The right to effective assistance of counsel is defined as a two part test in Strickland v. Washington, 466 U.S. 668 (1984). First, Petitioner must show that his attorney's representation fell below an objective standard of reasonableness. Id. at 687-688. Second, Petitioner must show that there is a reasonable probability that but for counsel's deficient performance, the result of the proceeding would have been different. Id. at 694. "A reasonable probability is a probability sufficient to undermine confidence in the outcome." Id. Under the second prong of Strickland, an error at sentencing which increases the calculation of the sentence can constitute prejudice. Glover v. United States, 531 U.S. 198, 203 (2004).

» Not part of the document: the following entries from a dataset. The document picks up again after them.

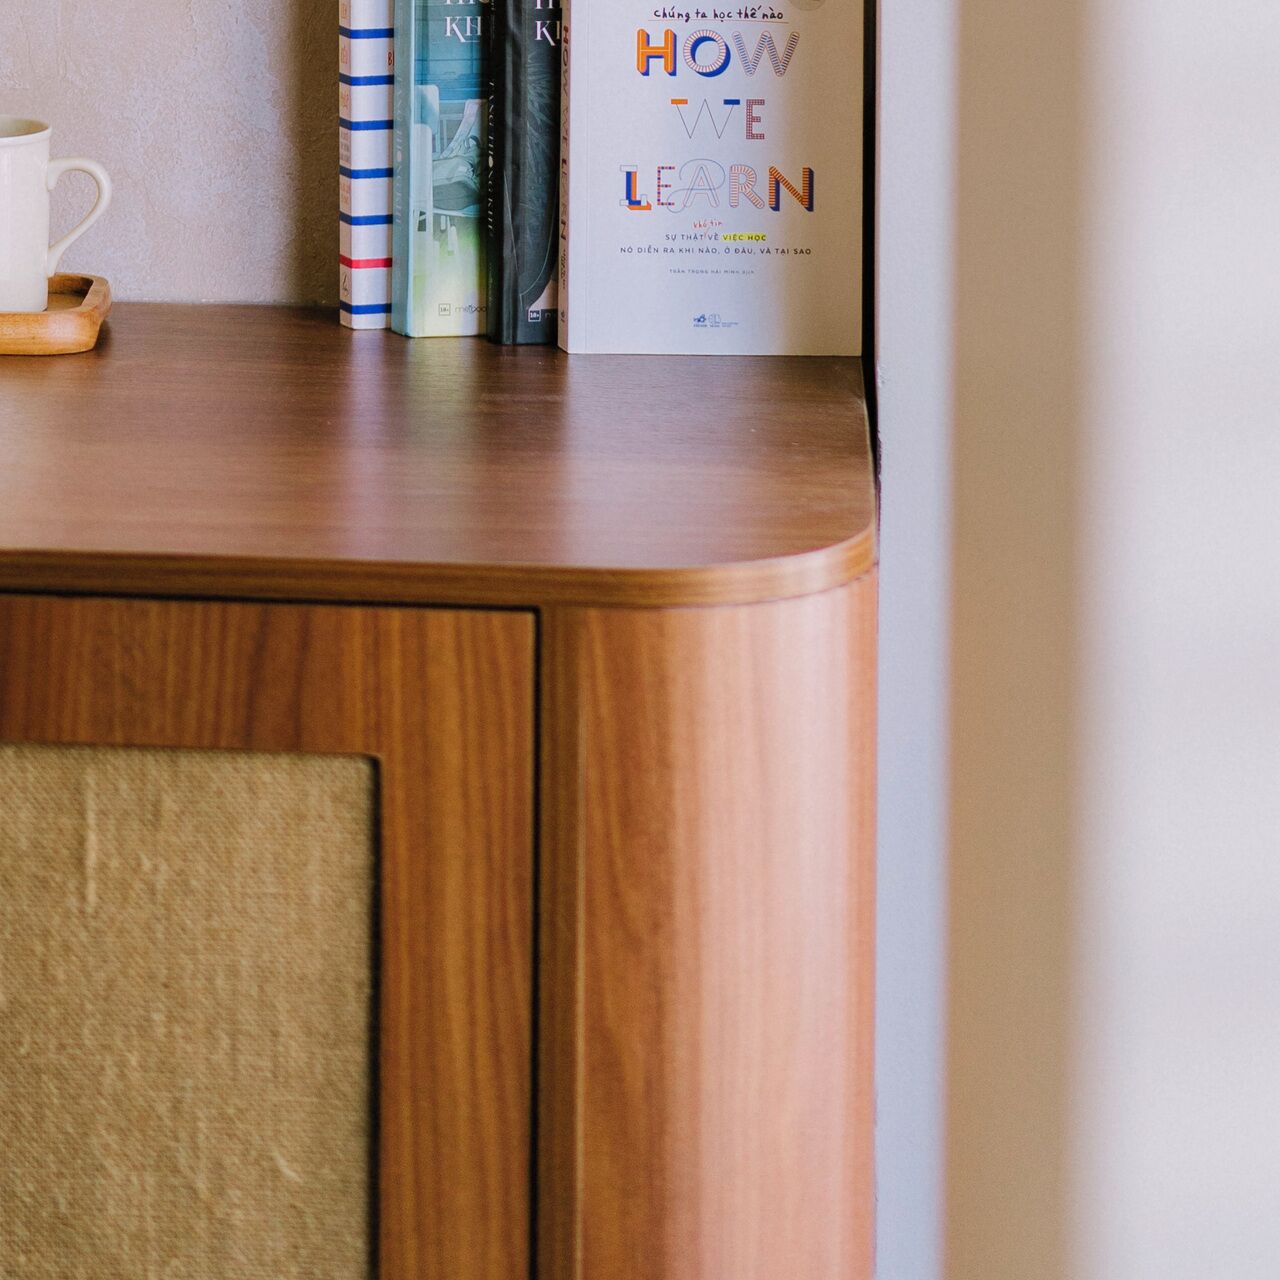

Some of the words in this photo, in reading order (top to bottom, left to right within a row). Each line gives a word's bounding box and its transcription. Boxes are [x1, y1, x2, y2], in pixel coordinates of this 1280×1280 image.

[653, 6, 691, 23] chúng
[695, 8, 708, 19] ta
[713, 8, 733, 23] học
[736, 5, 762, 19] thế
[762, 6, 784, 19] nào
[636, 28, 800, 78] HOW
[671, 98, 765, 140] WE
[620, 159, 814, 213] LEARN
[748, 234, 767, 243] HỌC
[793, 248, 812, 256] SAO
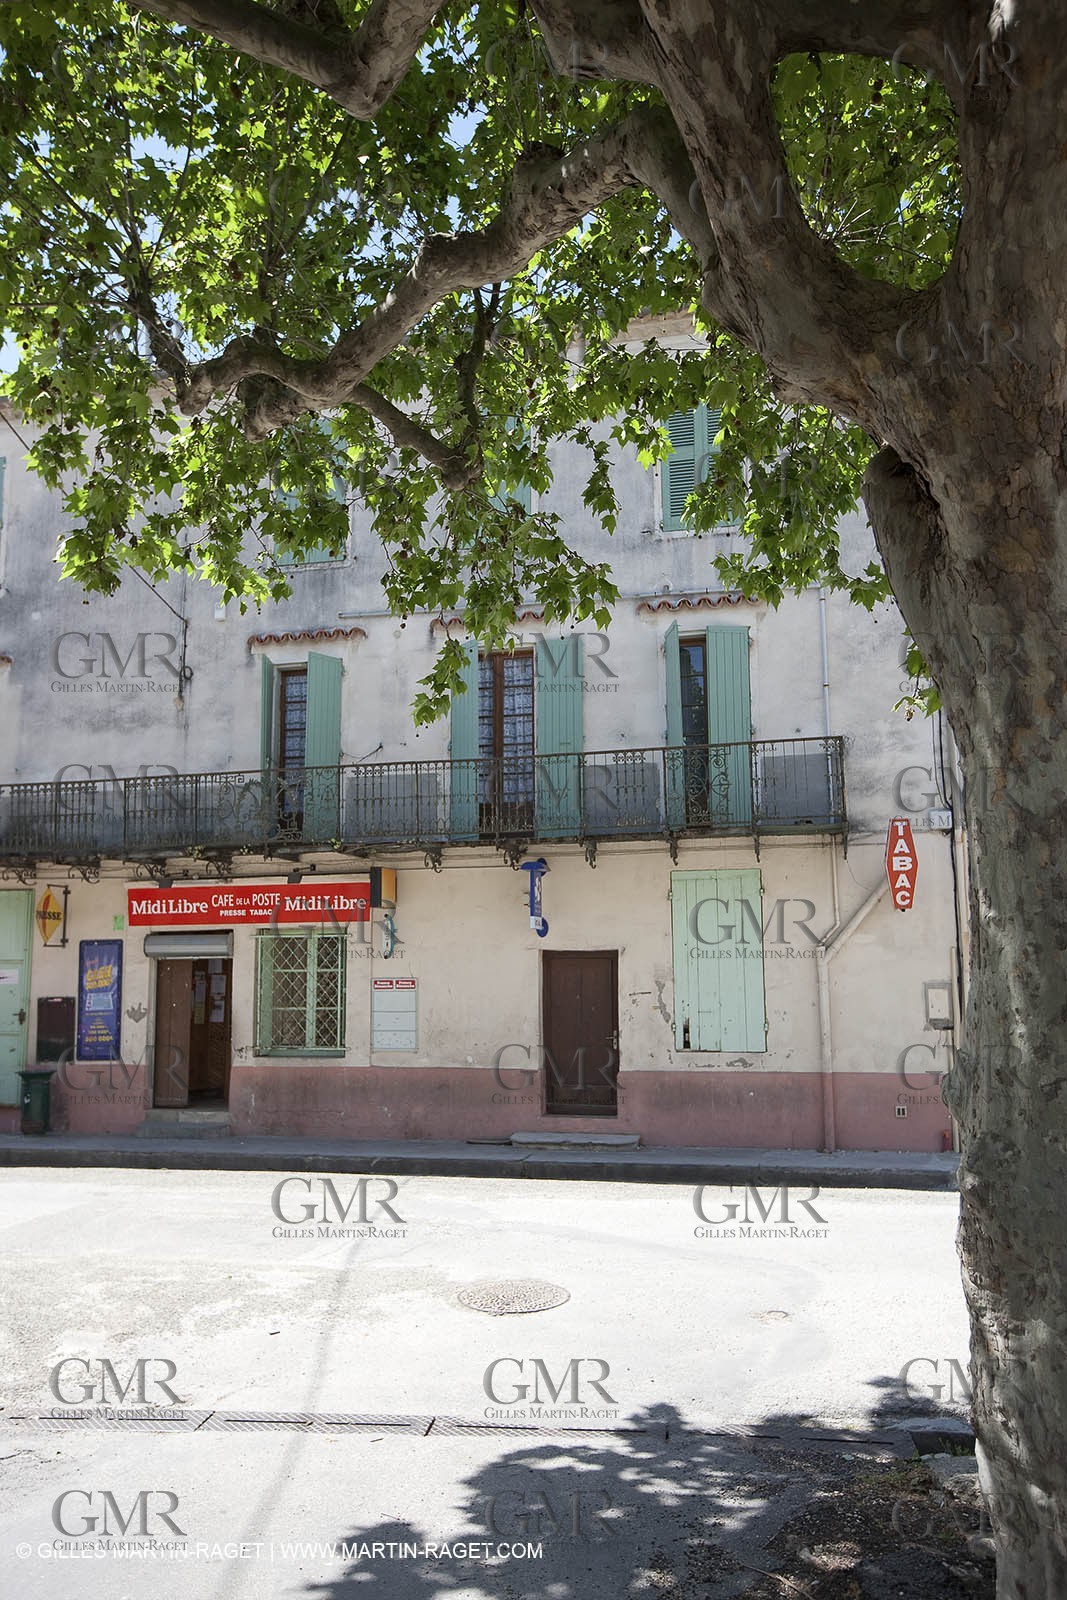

When assessing whether a petitioner is entitled to an evidentiary hearing on an ineffectiveness claim, the petitioner bears the burden of alleging facts, which if proved, would entitle the petitioner to relief. Hatch v. State of Okla., 58 F.3d 1447, 1457 (10th Cir. 1995). Conclusory allegations will not warrant a hearing. Id. The district court must hold a hearing on a motion under section 2255, "unless the motion and the files and records of the case conclusively show that the prisoner is entitled to no relief." 28 U.S.C. § 2255.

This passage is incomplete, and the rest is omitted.